→ **What to produce**:
Could you please repeat the data below word for word?

Saved data entries:
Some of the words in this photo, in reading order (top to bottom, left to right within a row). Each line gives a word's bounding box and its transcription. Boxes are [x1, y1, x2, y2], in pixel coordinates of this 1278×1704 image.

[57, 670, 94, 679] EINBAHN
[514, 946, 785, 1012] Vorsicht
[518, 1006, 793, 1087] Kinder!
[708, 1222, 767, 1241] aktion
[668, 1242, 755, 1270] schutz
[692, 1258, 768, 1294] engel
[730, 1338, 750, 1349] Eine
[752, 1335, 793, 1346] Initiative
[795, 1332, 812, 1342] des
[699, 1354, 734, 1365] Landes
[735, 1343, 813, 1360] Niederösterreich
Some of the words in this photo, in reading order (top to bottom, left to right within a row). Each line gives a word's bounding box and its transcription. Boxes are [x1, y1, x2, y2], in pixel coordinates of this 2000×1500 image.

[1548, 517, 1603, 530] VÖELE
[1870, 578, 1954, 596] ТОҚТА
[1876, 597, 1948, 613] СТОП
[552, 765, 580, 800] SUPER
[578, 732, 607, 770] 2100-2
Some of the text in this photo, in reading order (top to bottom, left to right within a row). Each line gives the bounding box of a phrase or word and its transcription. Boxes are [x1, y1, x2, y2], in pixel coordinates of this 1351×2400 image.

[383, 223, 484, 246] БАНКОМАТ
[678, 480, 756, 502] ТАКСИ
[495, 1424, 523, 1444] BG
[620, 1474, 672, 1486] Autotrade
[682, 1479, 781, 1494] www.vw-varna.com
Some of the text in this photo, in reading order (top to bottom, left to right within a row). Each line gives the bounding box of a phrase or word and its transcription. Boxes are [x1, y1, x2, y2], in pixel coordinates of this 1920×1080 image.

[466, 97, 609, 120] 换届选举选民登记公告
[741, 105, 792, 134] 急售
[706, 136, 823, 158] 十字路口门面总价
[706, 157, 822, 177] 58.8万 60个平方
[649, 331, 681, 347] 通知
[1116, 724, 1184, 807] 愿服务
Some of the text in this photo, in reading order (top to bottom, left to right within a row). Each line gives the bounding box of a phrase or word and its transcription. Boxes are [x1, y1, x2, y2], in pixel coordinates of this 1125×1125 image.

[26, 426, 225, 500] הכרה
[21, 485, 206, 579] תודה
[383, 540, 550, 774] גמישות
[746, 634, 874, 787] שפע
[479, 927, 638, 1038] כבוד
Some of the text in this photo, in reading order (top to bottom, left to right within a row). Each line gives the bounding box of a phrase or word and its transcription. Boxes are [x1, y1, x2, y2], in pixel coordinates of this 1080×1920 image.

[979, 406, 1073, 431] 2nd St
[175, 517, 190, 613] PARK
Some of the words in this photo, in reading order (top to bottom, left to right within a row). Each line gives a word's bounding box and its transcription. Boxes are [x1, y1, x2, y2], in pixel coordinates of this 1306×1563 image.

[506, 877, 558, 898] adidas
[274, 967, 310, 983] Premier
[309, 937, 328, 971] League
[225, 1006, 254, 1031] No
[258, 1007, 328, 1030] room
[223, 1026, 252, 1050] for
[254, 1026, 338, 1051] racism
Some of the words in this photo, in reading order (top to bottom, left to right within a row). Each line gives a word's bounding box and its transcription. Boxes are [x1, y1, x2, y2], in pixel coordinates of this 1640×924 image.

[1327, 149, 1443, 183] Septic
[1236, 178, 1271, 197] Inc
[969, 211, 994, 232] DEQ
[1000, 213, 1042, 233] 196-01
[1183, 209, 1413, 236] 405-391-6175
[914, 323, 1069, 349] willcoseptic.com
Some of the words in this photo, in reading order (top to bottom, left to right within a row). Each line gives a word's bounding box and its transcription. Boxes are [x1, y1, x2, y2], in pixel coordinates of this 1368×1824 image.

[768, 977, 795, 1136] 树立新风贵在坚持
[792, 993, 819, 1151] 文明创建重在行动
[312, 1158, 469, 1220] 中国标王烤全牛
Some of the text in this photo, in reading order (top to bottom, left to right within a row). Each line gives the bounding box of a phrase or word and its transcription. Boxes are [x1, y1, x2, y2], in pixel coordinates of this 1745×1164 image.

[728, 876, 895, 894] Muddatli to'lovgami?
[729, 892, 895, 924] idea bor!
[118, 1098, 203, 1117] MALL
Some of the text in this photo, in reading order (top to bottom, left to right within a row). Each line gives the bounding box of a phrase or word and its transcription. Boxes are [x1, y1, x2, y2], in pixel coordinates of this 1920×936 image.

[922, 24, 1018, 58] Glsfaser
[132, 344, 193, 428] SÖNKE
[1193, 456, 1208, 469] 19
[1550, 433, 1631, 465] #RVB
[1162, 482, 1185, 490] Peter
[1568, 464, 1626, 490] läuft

→ **Problem solution**:
Some of the words in this photo, in reading order (top to bottom, left to right within a row). Each line gives a word's bounding box and its transcription. Boxes are [x1, y1, x2, y2], in pixel coordinates of this 1278×1704 image.

[57, 670, 94, 679] EINBAHN
[514, 946, 785, 1012] Vorsicht
[518, 1006, 793, 1087] Kinder!
[708, 1222, 767, 1241] aktion
[668, 1242, 755, 1270] schutz
[692, 1258, 768, 1294] engel
[730, 1338, 750, 1349] Eine
[752, 1335, 793, 1346] Initiative
[795, 1332, 812, 1342] des
[699, 1354, 734, 1365] Landes
[735, 1343, 813, 1360] Niederösterreich
Some of the words in this photo, in reading order (top to bottom, left to right within a row). Each line gives a word's bounding box and its transcription. Boxes are [x1, y1, x2, y2], in pixel coordinates of this 2000×1500 image.

[1548, 517, 1603, 530] VÖELE
[1870, 578, 1954, 596] ТОҚТА
[1876, 597, 1948, 613] СТОП
[552, 765, 580, 800] SUPER
[578, 732, 607, 770] 2100-2
Some of the text in this photo, in reading order (top to bottom, left to right within a row). Each line gives the bounding box of a phrase or word and its transcription. Boxes are [x1, y1, x2, y2], in pixel coordinates of this 1351×2400 image.

[383, 223, 484, 246] БАНКОМАТ
[678, 480, 756, 502] ТАКСИ
[495, 1424, 523, 1444] BG
[620, 1474, 672, 1486] Autotrade
[682, 1479, 781, 1494] www.vw-varna.com
Some of the text in this photo, in reading order (top to bottom, left to right within a row). Each line gives the bounding box of a phrase or word and its transcription. Boxes are [x1, y1, x2, y2], in pixel coordinates of this 1920×1080 image.

[466, 97, 609, 120] 换届选举选民登记公告
[741, 105, 792, 134] 急售
[706, 136, 823, 158] 十字路口门面总价
[706, 157, 822, 177] 58.8万 60个平方
[649, 331, 681, 347] 通知
[1116, 724, 1184, 807] 愿服务
Some of the text in this photo, in reading order (top to bottom, left to right within a row). Each line gives the bounding box of a phrase or word and its transcription. Boxes are [x1, y1, x2, y2], in pixel coordinates of this 1125×1125 image.

[26, 426, 225, 500] הכרה
[21, 485, 206, 579] תודה
[383, 540, 550, 774] גמישות
[746, 634, 874, 787] שפע
[479, 927, 638, 1038] כבוד
Some of the text in this photo, in reading order (top to bottom, left to right within a row). Each line gives the bounding box of a phrase or word and its transcription. Boxes are [x1, y1, x2, y2], in pixel coordinates of this 1080×1920 image.

[979, 406, 1073, 431] 2nd St
[175, 517, 190, 613] PARK
Some of the words in this photo, in reading order (top to bottom, left to right within a row). Each line gives a word's bounding box and its transcription. Boxes are [x1, y1, x2, y2], in pixel coordinates of this 1306×1563 image.

[506, 877, 558, 898] adidas
[274, 967, 310, 983] Premier
[309, 937, 328, 971] League
[225, 1006, 254, 1031] No
[258, 1007, 328, 1030] room
[223, 1026, 252, 1050] for
[254, 1026, 338, 1051] racism
Some of the words in this photo, in reading order (top to bottom, left to right within a row). Each line gives a word's bounding box and its transcription. Boxes are [x1, y1, x2, y2], in pixel coordinates of this 1640×924 image.

[1327, 149, 1443, 183] Septic
[1236, 178, 1271, 197] Inc
[969, 211, 994, 232] DEQ
[1000, 213, 1042, 233] 196-01
[1183, 209, 1413, 236] 405-391-6175
[914, 323, 1069, 349] willcoseptic.com
Some of the words in this photo, in reading order (top to bottom, left to right within a row). Each line gives a word's bounding box and its transcription. Boxes are [x1, y1, x2, y2], in pixel coordinates of this 1368×1824 image.

[768, 977, 795, 1136] 树立新风贵在坚持
[792, 993, 819, 1151] 文明创建重在行动
[312, 1158, 469, 1220] 中国标王烤全牛
Some of the text in this photo, in reading order (top to bottom, left to right within a row). Each line gives the bounding box of a phrase or word and its transcription. Boxes are [x1, y1, x2, y2], in pixel coordinates of this 1745×1164 image.

[728, 876, 895, 894] Muddatli to'lovgami?
[729, 892, 895, 924] idea bor!
[118, 1098, 203, 1117] MALL
Some of the text in this photo, in reading order (top to bottom, left to right within a row). Each line gives the bounding box of a phrase or word and its transcription. Boxes are [x1, y1, x2, y2], in pixel coordinates of this 1920×936 image.

[922, 24, 1018, 58] Glsfaser
[132, 344, 193, 428] SÖNKE
[1193, 456, 1208, 469] 19
[1550, 433, 1631, 465] #RVB
[1162, 482, 1185, 490] Peter
[1568, 464, 1626, 490] läuft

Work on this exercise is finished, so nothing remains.